A atenção dada pela história ao temperamento de Stálin e à influência da vida pessoal em suas decisões diminuiu gradualmente a partir do governo de seu sucessor, Nikita Kruschov. Ele foi o primeiro a acusar Stálin de genocídio. As revelações de Kruschov sobre Stálin foram parte de um esforço do Partido Comunista para anular o culto à personalidade do ditador. Durante seu governo, Stálin foi um ídolo popular, cuja imagem paternal era construída pela máquina de propaganda do partido. Ela alimentava o fanatismo. Na Segunda Guerra Mundial, quando Moscou estava ameaçada pelas tropas alemãs, Stálin circulou pelas ruas da cidade num carro conversível, e os jornais fizeram a imagem circular pelo país inteiro. A euforia causada por sua presença no metrô de Moscou com a família, em 1932, provocou tumultos e morte. O fervor stalinista sobreviveu à revelação das barbáries praticadas em seu governo. Depois de 1953, seu jazigo no Kremlin tornou-se um ponto de peregrinação de comunistas. Em 2008, ele foi eleito pelos telespectadores da rede de televisão russa VID o terceiro maior russo de todos os tempos – apesar de ter nascido na Geórgia.
A vida pessoal atormentou Stálin em seus últimos anos. Os depoimentos a que Lilly teve acesso apresentam indícios de que ele nunca superou o suicídio de sua segunda mulher, em 1932. Punia-se moralmente diante de seus cunhados por não ter percebido a tempo as crises de depressão e bipolaridade de Nadejda. Nos jantares de família, Stálin oferecia brindes à memória dela. Também nunca perdoou seu cunhado, Pável Alliluyev, que presenteou a irmã em segredo com um revólver. A morte da mãe, em 1937, aumentou sua solidão. Stálin não foi ao enterro. Ortodoxa fervorosa, ela foi sepultada de acordo com os ritos comunistas. Recebeu do filho apenas uma coroa de flores. O próprio Stálin, que vivia sempre rodeado por familiares, morreu cercado somente por serviçais. Ele pode ter sido traído por Beria. Na noite de 4 de março de 1953, seu apartamento no Kremlin, a sede do governo, estava silencioso demais. Quando seus seguranças entraram no cômodo, encontraram-no quase desacordado sobre uma mesa. A paranoia que cercava Stálin era tamanha que apenas Beria poderia autorizar a entrada de médicos no prédio. Ele não o fez durante toda a madrugada. Quando Stálin foi levado ao hospital, aos 74 anos, era tarde para conter a hemorragia cerebral. Para Lilly, sua morte foi “assassinato por omissão”.

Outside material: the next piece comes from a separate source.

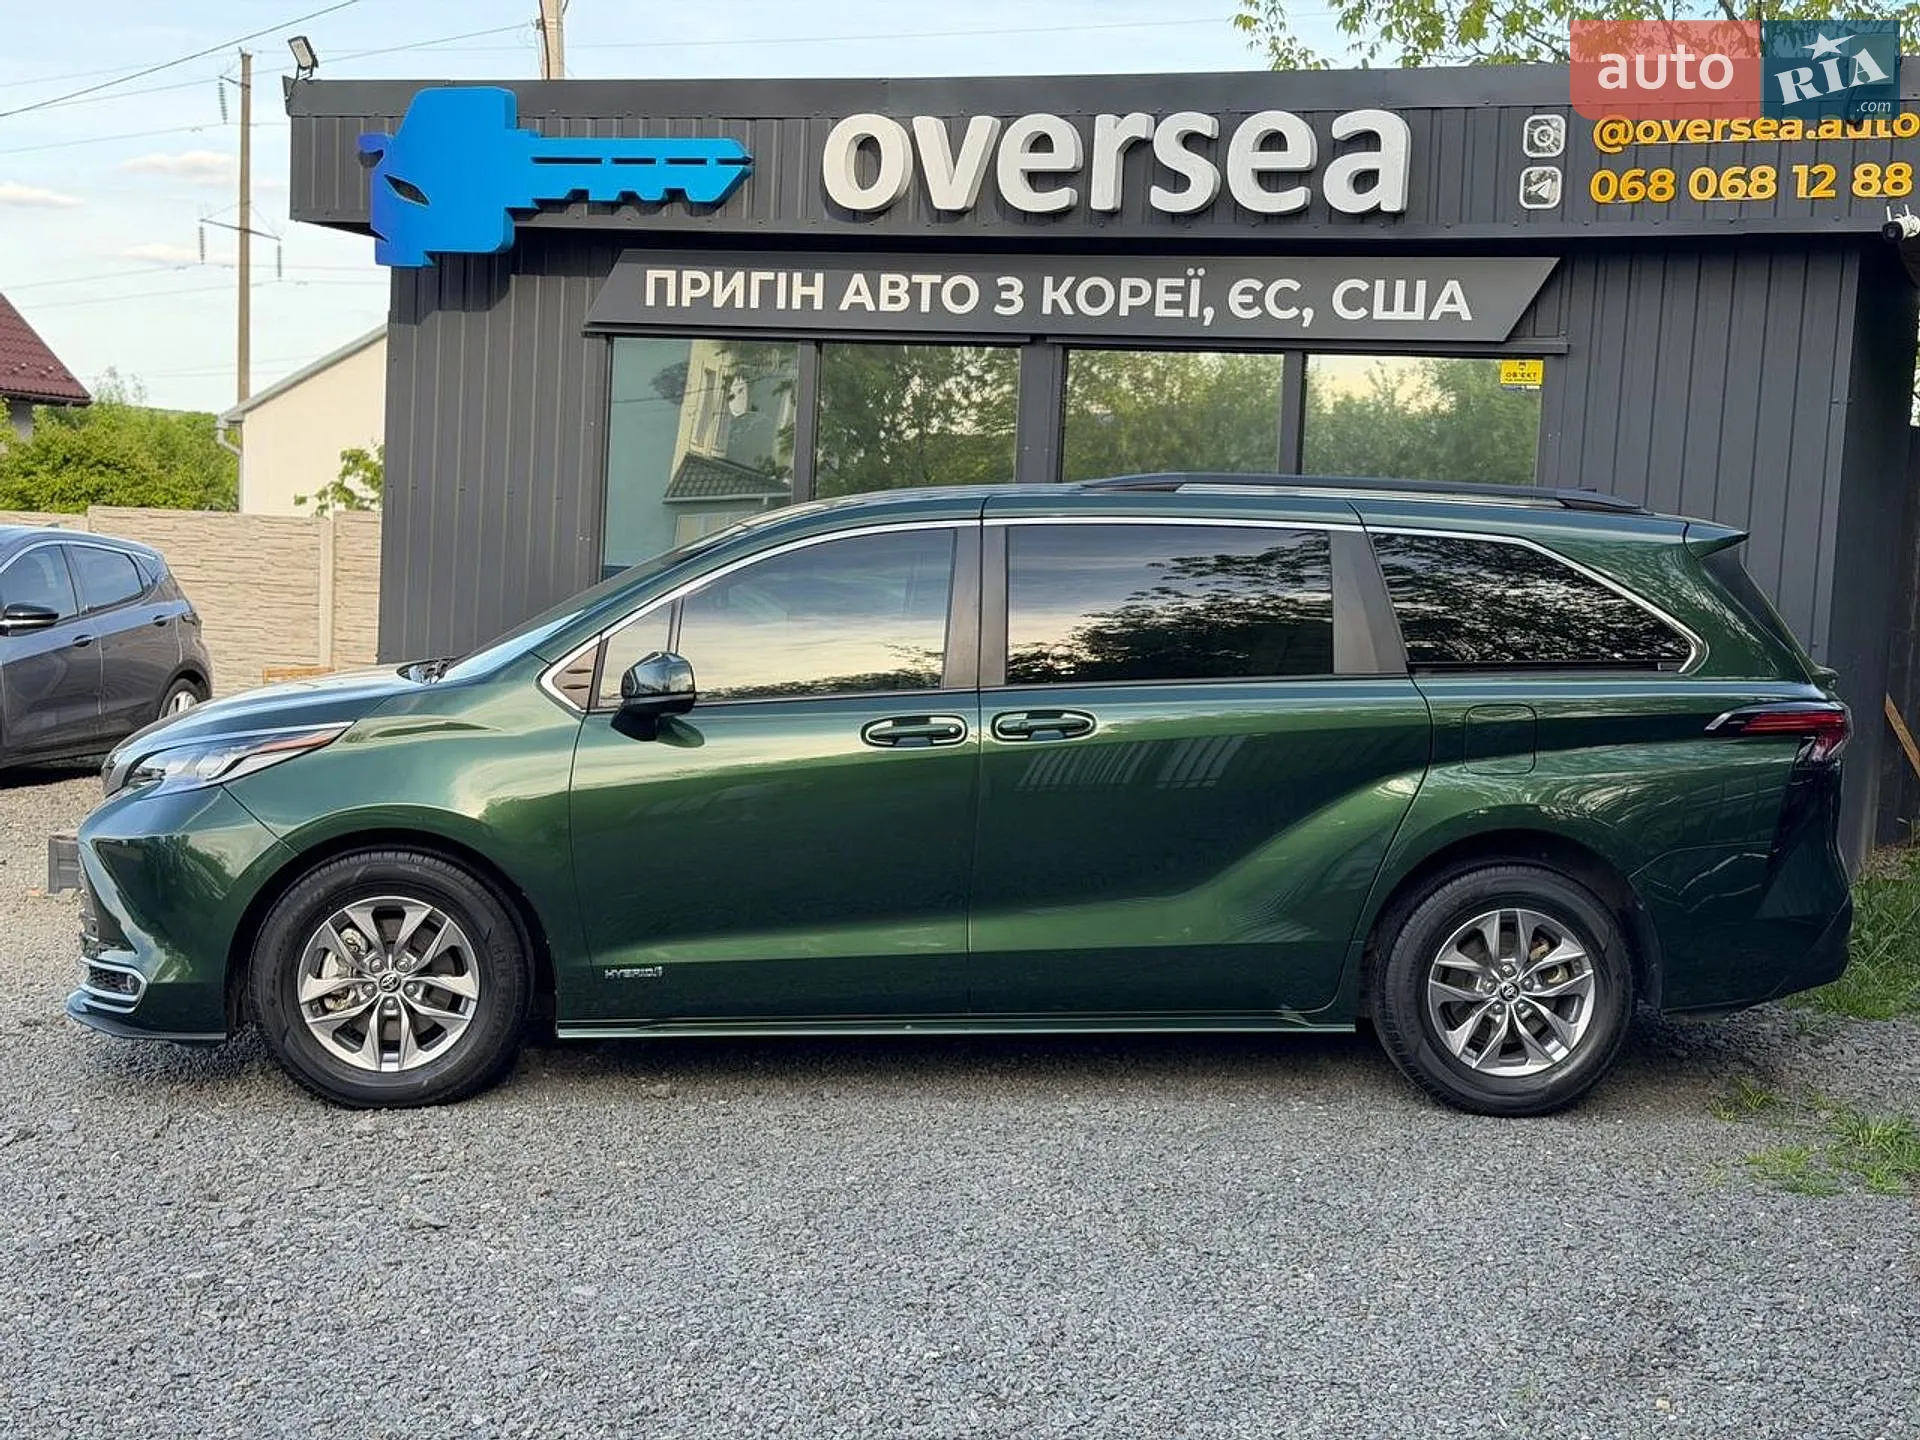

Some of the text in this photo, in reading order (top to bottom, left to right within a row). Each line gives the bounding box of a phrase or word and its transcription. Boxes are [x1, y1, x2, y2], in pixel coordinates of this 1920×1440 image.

Outra historiadora, Nina Kruscheva, professora de relações internacionais do New School College de Nova York e bisneta de Nikita Kruschov, o sucessor de Stálin, discorda da tese de Lilly de que Stálin tenha sido uma figura ambígua. “O fato de ter sido um ditador desqualifica as coisas boas que ele tenha feito”, disse ela a ÉPOCA. Sua própria família chegou à mesma conclusão. Em 1967, sua filha, Svetlana, o Pardalzinho, pediu asilo político aos Estados Unidos e denunciou os crimes cometidos pelo pai. Os mimos de Stálin a sua filha favorita não foram suficientes para comprar sua lealdade no longo prazo.